Ships hit by U-boats


Sixaola

American Steam passenger ship



Photo courtesy of John H. Melville

NameSixaola
Type:Steam passenger ship
Tonnage4,693 tons
Completed1911 - Workman, Clark & Co Ltd, Belfast 
OwnerUnited Fruit SS Co, New York 
HomeportNew York 
Date of attack13 Jun 1942Nationality:      American
 
FateSunk by U-159 (Helmut Friedrich Witte)
Position9° 41'N, 81° 10'W - Grid EL 2184
Complement201 (29 dead and 172 survivors).
Convoy
RouteCristobal - Puerto Barrios, Guatemala - New Orleans 
Cargo900 tons of US Army supplies, inlcuding trucks, trailers, clothing and foodstuffs 
History Completed in October 1911 for Tropical Fruit SS Co Ltd (United Fruit SS Co), Glasgow. 1914 transferred to US flag. 
Notes on event

At 04.12 hours on 13 June 1942 the unescorted Sixaola (Master William H. Fagan) was hit on the starboard side by two torpedoes from U-159, while steaming on a righthand zigzag pattern at 12.5 knots about 50 miles off Bocas del Toro, Panama. The first torpedo struck in the bow and the second in the center of #2 hold. The most of the eight officers, 79 crewmen, six armed guards (the ship was armed with one 3in and two .50cal guns) and 108 passengers on board abandoned ship in five lifeboats and six rafts two minutes after the hits and stopping the engines. 29 crewmen died in the explosions, most of them lay sleeping in the quarters of the crew in the bow. Just after the master and chief officer left the ship, she was hit on the port side amidships by a coup de grĂ¢ce at 04.31 hours and sank by the stern about 06.15 hours. The Germans questioned the survivors, offered medical aid, gave exact course and distance to the nearest land and two packages of German cigarettes and then left the area.

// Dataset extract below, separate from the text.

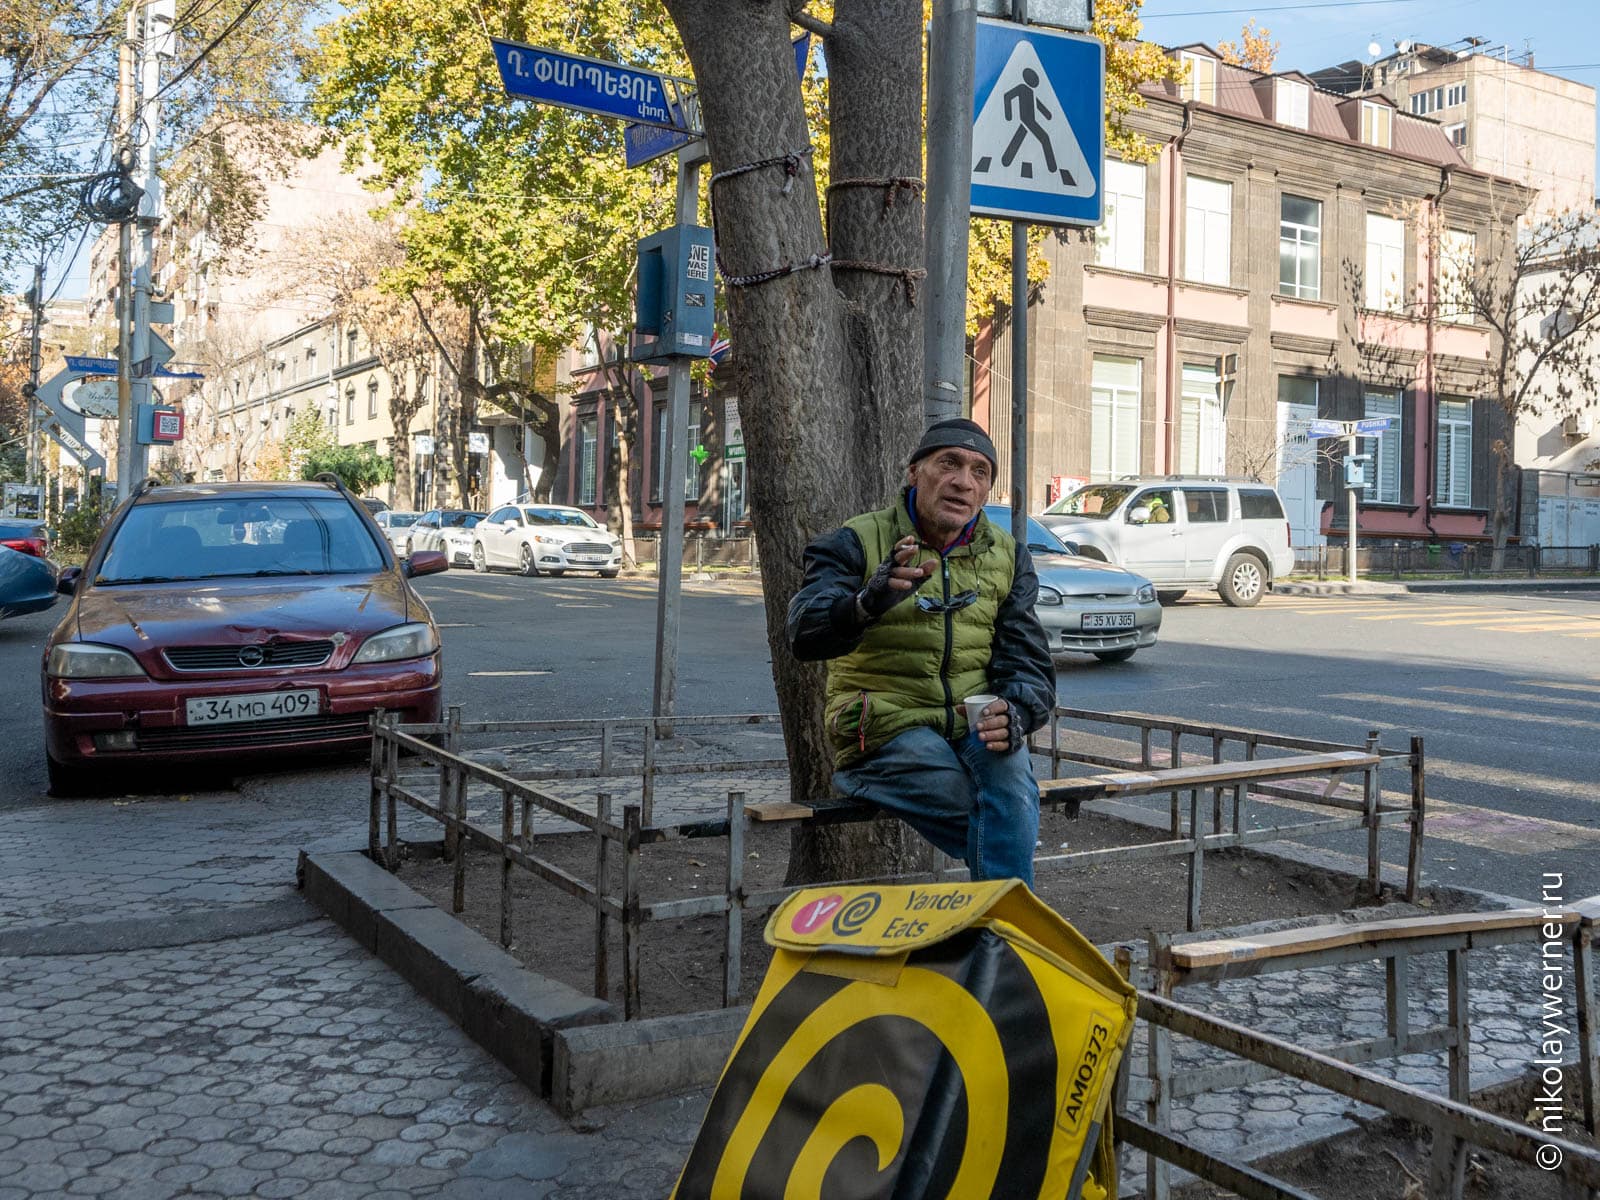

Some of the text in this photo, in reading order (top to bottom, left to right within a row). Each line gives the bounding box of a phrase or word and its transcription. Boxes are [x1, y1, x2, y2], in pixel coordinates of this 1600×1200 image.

32 survivors in one boat were picked up by the American steam merchant Carolinian and later transferred to the American gunboat USS Niagara (PG 52), which also picked up 75 survivors in two other boats that had been spotted by aircraft and landed them all in Cristobal. 23 survivors in another boat were rescued by the US Army tug Shasta, after their boat landed on Bocas del Toro on 16 June. The remaining 42 survivors made landfall in their lifeboat in the delta of Coloveboran River after four days and were brought to Cristobal by the American submarine chaser USS PC-460.